WORK TO BE COMPLETED:
The reply should contain the full listing exactly as written and no pictures at all.

DATA TO EXAMINE:

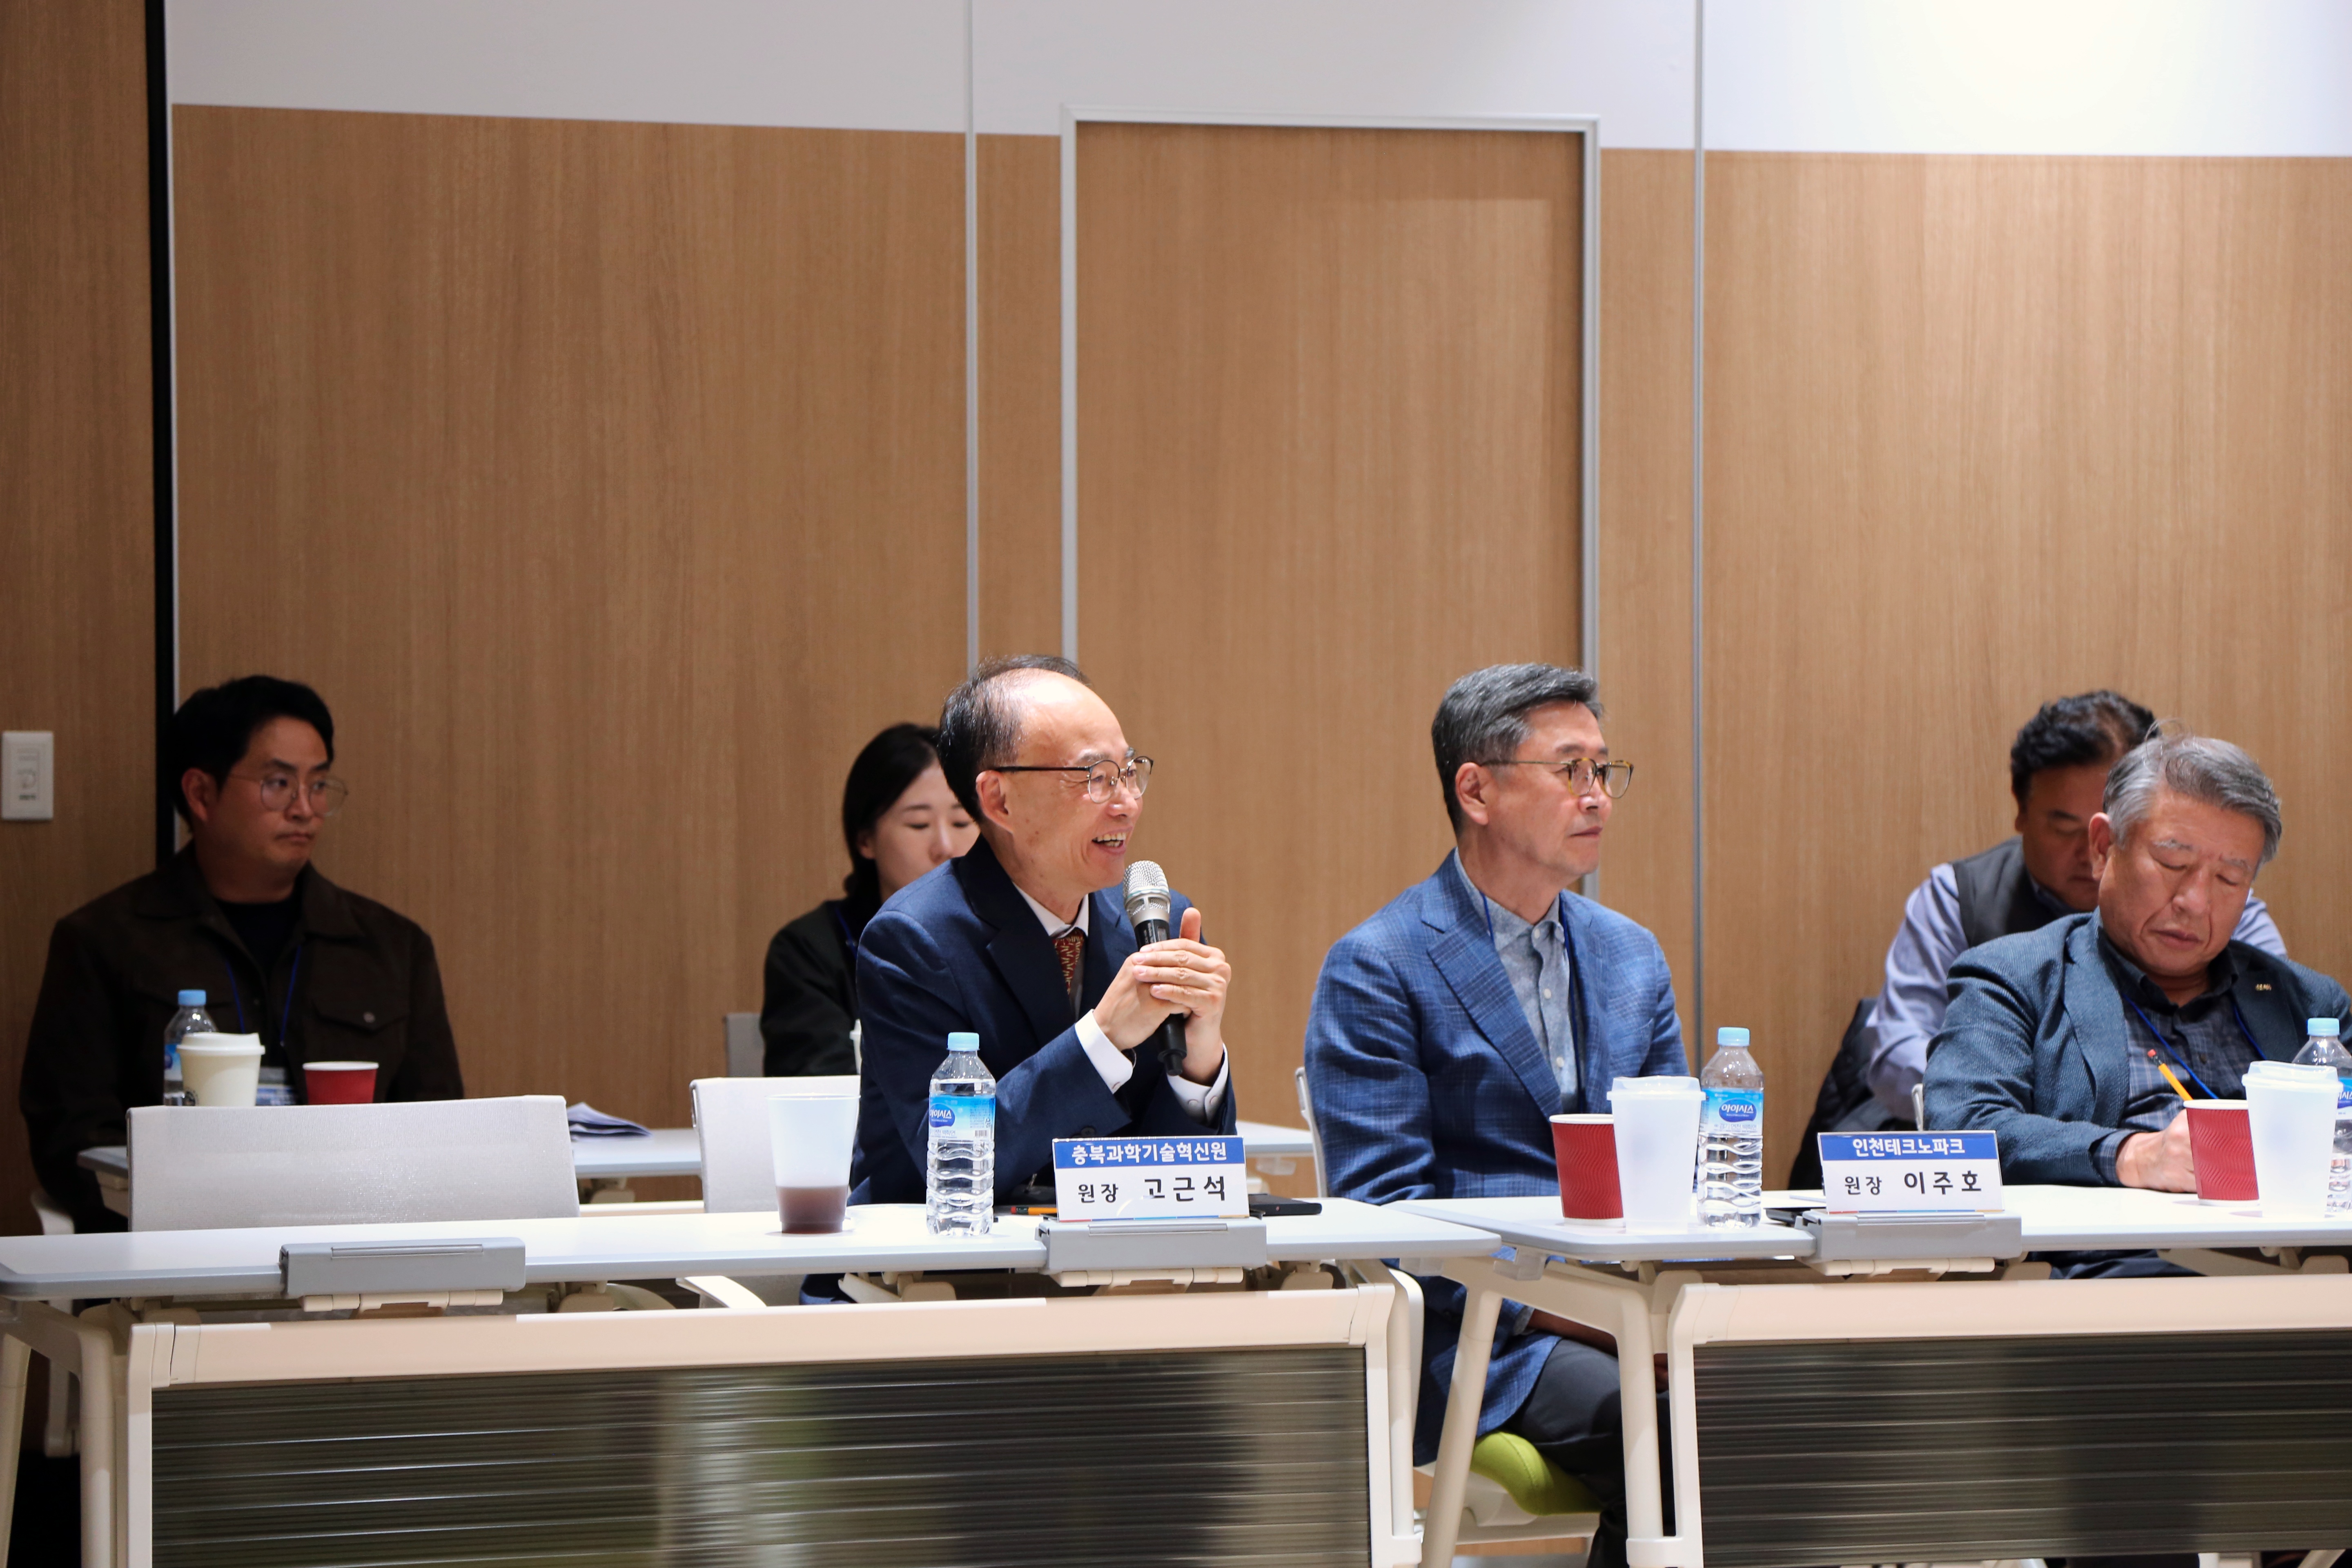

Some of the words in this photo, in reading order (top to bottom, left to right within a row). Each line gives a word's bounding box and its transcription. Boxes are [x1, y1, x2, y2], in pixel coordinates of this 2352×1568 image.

[1721, 1104, 1754, 1114] 아이시스
[1071, 1142, 1227, 1165] 충북과학기술혁신원
[1852, 1138, 1965, 1157] 인천테크노파크
[1078, 1183, 1119, 1203] 원장
[1144, 1176, 1225, 1202] 고근석
[1844, 1176, 1882, 1195] 원장
[1904, 1170, 1982, 1195] 이주호

WORKED SOLUTION:
Some of the words in this photo, in reading order (top to bottom, left to right within a row). Each line gives a word's bounding box and its transcription. Boxes are [x1, y1, x2, y2], in pixel coordinates of this 2352×1568 image.

[1721, 1104, 1754, 1114] 아이시스
[1071, 1142, 1227, 1165] 충북과학기술혁신원
[1852, 1138, 1965, 1157] 인천테크노파크
[1078, 1183, 1119, 1203] 원장
[1144, 1176, 1225, 1202] 고근석
[1844, 1176, 1882, 1195] 원장
[1904, 1170, 1982, 1195] 이주호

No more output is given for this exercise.